Tahun baru hijriyyah secara teologis (aqidah) tidak memiliki keistimewaan. Tidak perlu ada ibadah khusus menyambut hari ini. Kalau dikatakan suci, semua bulan sama sucinya. Islam menganut waktu adalah suci dan digunakan sumpah oleh Allah. Implikasinya tidak ada hari, bulan, dan tahun sial (nogo). Jadi, Islam tidak mengajarkan: horoskup, petungan, numerology, dan zodiak.

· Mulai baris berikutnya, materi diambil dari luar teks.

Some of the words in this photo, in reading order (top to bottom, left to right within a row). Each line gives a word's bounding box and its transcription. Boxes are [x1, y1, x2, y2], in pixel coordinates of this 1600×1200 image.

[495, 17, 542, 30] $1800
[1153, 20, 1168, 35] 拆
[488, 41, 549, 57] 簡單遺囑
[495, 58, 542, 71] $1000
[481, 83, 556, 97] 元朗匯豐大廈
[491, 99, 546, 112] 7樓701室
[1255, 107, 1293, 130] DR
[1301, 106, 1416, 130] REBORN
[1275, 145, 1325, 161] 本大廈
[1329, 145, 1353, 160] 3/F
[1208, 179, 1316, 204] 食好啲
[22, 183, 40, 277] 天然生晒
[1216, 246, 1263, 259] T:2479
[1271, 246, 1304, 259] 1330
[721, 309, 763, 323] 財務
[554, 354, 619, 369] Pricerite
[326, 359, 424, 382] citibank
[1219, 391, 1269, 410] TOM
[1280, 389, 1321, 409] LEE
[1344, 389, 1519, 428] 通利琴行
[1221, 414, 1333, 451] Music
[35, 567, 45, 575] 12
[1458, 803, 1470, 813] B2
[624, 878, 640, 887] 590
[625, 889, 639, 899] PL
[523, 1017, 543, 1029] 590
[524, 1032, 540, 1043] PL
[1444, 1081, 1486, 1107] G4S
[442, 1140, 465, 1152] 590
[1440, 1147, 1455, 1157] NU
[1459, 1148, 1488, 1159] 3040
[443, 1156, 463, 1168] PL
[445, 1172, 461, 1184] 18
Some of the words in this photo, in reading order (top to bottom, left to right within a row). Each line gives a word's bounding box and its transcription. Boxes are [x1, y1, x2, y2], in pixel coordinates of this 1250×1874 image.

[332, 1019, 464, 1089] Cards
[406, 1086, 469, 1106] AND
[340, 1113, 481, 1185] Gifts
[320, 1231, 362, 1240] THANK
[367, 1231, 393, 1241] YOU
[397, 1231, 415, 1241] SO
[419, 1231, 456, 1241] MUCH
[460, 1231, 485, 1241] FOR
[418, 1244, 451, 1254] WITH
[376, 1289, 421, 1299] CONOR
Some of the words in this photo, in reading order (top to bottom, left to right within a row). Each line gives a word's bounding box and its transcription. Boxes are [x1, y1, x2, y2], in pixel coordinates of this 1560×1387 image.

Demikian sabda Rasulullah :

حَدَّثَنَا سَعِيدُ بْنُ أَبِي مَرْيَمَ حَدَّثَنَا أَبُو غَسَّانَ قَالَ حَدَّثَنِي زَيْدُ بْنُ أَسْلَمَ عَنْ عَطَاءِ بْنِ يَسَارٍ عَنْ أَبِي سَعِيدٍ رَضِيَ اللَّهُ عَنْهُ أَنَّ النَّبِيَّ صَلَّى اللَّهُ عَلَيْهِ وَسَلَّمَ قَالَ لَتَتَّبِعُنَّ سَنَنَ مَنْ قَبْلَكُمْ شِبْرًا بِشِبْرٍ وَذِرَاعًا بِذِرَاعٍ حَتَّى لَوْ سَلَكُوا جُحْرَ ضَبٍّ لَسَلَكْتُمُوهُ قُلْنَا يَا رَسُولَ اللَّهِ الْيَهُودَ وَالنَّصَارَى قَالَ فَمَنْ

Telah bercerita kepada kami Sa’id bin Abu Maryam telah bercerita kepada kami Abu Ghassan berkata, telah bercerita kepadaku Zaid bin Aslam dari ‘Atha’ binYasar dari Abu Sa’id radliallahu ‘anhu bahwa Nabi shallallahu ‘alaihi wasallam besabda: “Kalian pasti akan mengikuti kebiasaan-kebiasaan orang sebelum kalian sejengkal demi sejengkal dan sehasta demi sehasta hingga seandainya mereka manempuh (masuk) ke dalam lobang biawak kalian pasti akan mengikutinya”. Kami bertanya; “Wahai Rasulullah, apakah yang baginda maksud Yahudi dan Nashrani?”. Beliau menjawab: “Siapa lagi (kalau bukan mereka) “.Bukhari 3197,

حَدَّثَنَا أَبُو بَكْرِ بْنُ أَبِي شَيْبَةَ حَدَّثَنَا يَزِيدُ بْنُ هَارُونَ عَنْ مُحَمَّدِ بْنِ عَمْرٍو عَنْ أَبِي سَلَمَةَ عَنْ أَبِي هُرَيْرَةَ قَالَ قَالَ رَسُولُ اللَّهِ صَلَّى اللَّهُ عَلَيْهِ وَسَلَّمَ لَتَتَّبِعُنَّ سُنَّةَ مَنْ كَانَ قَبْلَكُمْ بَاعًا بِبَاعٍ وَذِرَاعًا بِذِرَاعٍ وَشِبْرًا بِشِبْرٍ حَتَّى لَوْ دَخَلُوا فِي جُحْرِ ضَبٍّ لَدَخَلْتُمْ فِيهِ قَالُوا يَا رَسُولَ اللَّهِ الْيَهُودُ وَالنَّصَارَى قَالَ فَمَنْ إِذًا

Telah menceritakan kepada kami Abu Bakar bin Abu Syaibah telah menceritakan kepada kami Yazid bin Harun dari Muhammad bin ‘Amru dari Abu Salamah dari Abu Hurairah dia berkata, “Rasulullah shallallahu ‘alaihi wasallam bersabda: “Sungguh, kalian akan mengikuti jalan (cara hidup) orang-orang sebelum kalian sedepa demi sedepa, sehasta demi sehasta dan sejengkal demi sejengkal, sehingga sekiranya mereka masuk ke lubang biawak, sungguh kalian juga akan mengikuti mereka.” Para sahabat bertanya, “Wahai Rasulullah, apakah mereka orang-orang Yahudi dan Nahsrani?” beliau menjawab: “Siapa lagi kalau bukan mereka.”(Ibnu Majah,3984, semakna dengan ahmad 7990).

Penutup

Jika hati umat Islam senantiasa terpaut dengan masjid, tentu tidak akan tertarik pada tradisi paganisme (penyembah  dan aqidah berhala). Bila jauh dari masjid, tentu akan mengikuti tradisi pagan itu meskipun masuk ke dalam liang biawak.